As has been found in other studies, the authors noted that a higher obliteration rate was associated with no prior embolization, a higher radiosurgery dose, a single draining vein, and imaging evidence of radiation-induced changes during the obliteration process. Clinical worsening after radiosurgery occurred in 7% of the cases, and it was more common in patients who had a hemorrhage after radiosurgery.
This is an important study on the management of unruptured AVMs. The current randomized trial that the authors describe (ARUBA) is aimed to determine outcomes with or without treatment. Whether or not that study will successfully accrue enough patients is not known. Because AVMs often occur in younger adults, the concept of simply observing an AVM is uncomfortable for many patients and their physicians.
Since these patients did not present with a hemorrhage, the outcome with respect to the presentation symptom would be interesting to readers. Forty-seven percent of the patients in this series presented with seizures, 28% with headache, and 12% with a focal neurological deficit. The patients with unruptured AVMs that I see before radiosurgery want to know what will happen to their presenting symptoms. Unfortunately, this study did not provide solid answers for all presentation types. Headache was not well studied. Seizure outcomes were easier to determine. Overall, only 7% of patients were neurologically “improved”; another 7% were “worse”; and 86% were “unchanged.” New-onset seizures developed in only 0.9% of patients.
The purpose of radiosurgery for an unruptured AVM is to obliterate the malformation and eliminate the hemorrhage risk. In this series, the cohort demonstrated an annual hemorrhage rate comparable to the usual estimates that clinicians provide to their patients. The authors conclude that treatment should be offered to patients who are “younger and therefore have more at-risk years for hemorrhage,” which is logical. Because this conclusion is already believed by many clinicians, one wonders whether the ARUBA study will meet its goals.

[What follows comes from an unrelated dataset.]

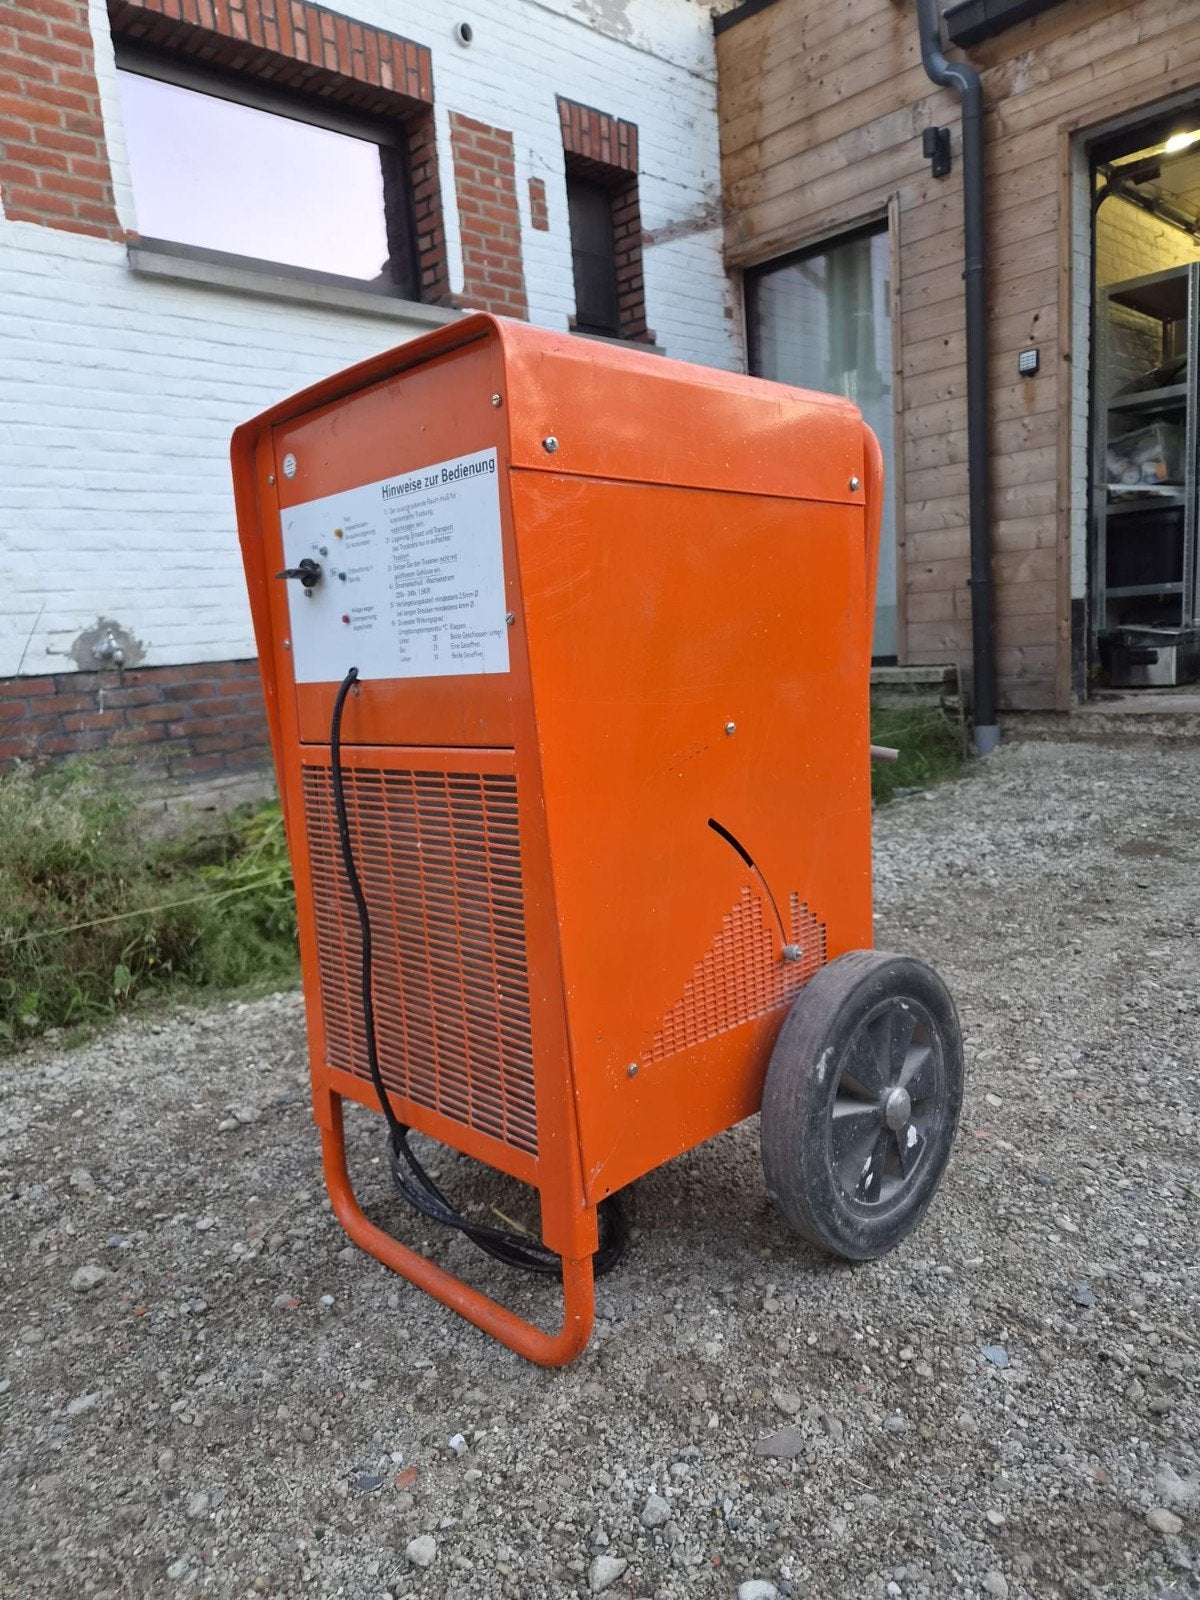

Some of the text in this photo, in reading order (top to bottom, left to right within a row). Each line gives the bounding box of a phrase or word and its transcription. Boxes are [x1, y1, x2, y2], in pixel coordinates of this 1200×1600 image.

[381, 458, 495, 499] Hinweise zur Bedienung
[434, 523, 453, 534] Transport
[439, 555, 449, 563] nicht

The author reports being a consultant for Elekta AB.
Department of Neurological Surgery, University of Virginia Health System, Charlottesville, Virginia
We thank Dr. Kondziolka for his insightful comments regarding our paper on unruptured AVMs. Arteriovenous malformations represent a relatively rare but complicated vascular pathology for which the treatment will always involve a multidisciplinary approach.4,6 Our bias is to aggressively treat unruptured AVMs that present in young patients using microsurgery, radiosurgery, embolization, or a combination of these techniques.

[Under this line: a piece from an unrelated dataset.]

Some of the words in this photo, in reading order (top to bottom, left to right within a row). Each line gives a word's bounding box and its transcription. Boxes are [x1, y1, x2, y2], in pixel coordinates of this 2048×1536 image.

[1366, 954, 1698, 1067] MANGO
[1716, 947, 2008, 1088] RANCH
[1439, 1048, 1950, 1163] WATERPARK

Dr. Kondziolka mentioned that there was a high proportion of superficial AVMs (86%) in our series. In fact, some of the patients in our series had superficially located AVMs that were in eloquent areas; they were offered radiosurgery. Stapf et al.7 noted deep location to be an independent predictor of AVM rupture, which may explain the relatively low proportion of unruptured deep AVMs in our series. In our experience, a patient with an unruptured and asymptomatic AVM most often chooses radiosurgery over the alternatives of microsurgery or embolization. Patients perceive radiosurgery as an attractive approach conferring a reasonable chance of benefiting them while at the same time exposing them to only rare upfront risks and generally infrequent as well as manageable long-term risks. Based on our results, radiosurgery seems warranted given its relatively favorable results, the high cumulative lifetime AVM hemorrhage risk in the absence of obliteration, and the known morbidity and mortality associated with rupture.1,2
We acknowledge the significant undertaking of the ARUBA trial and hope that it can be completed.3,5 The results from this prospective study are highly anticipated by the cerebrovascular community and could affect the way we treat and counsel patients harboring unruptured AVMs. However, in the event that ARUBA fails to attain adequate patient accrual, the next best study may be a prospective registry such as the National Neurosurgery Quality and Outcomes Database (N2QOD). A prospective registry detailing radiosurgical treatment outcomes of unruptured AVMs would allow us to observe their behavior and risk-benefit profile over time. The ultimate goal is to settle the controversy regarding the optimal management algorithm for patients with unruptured AVMs.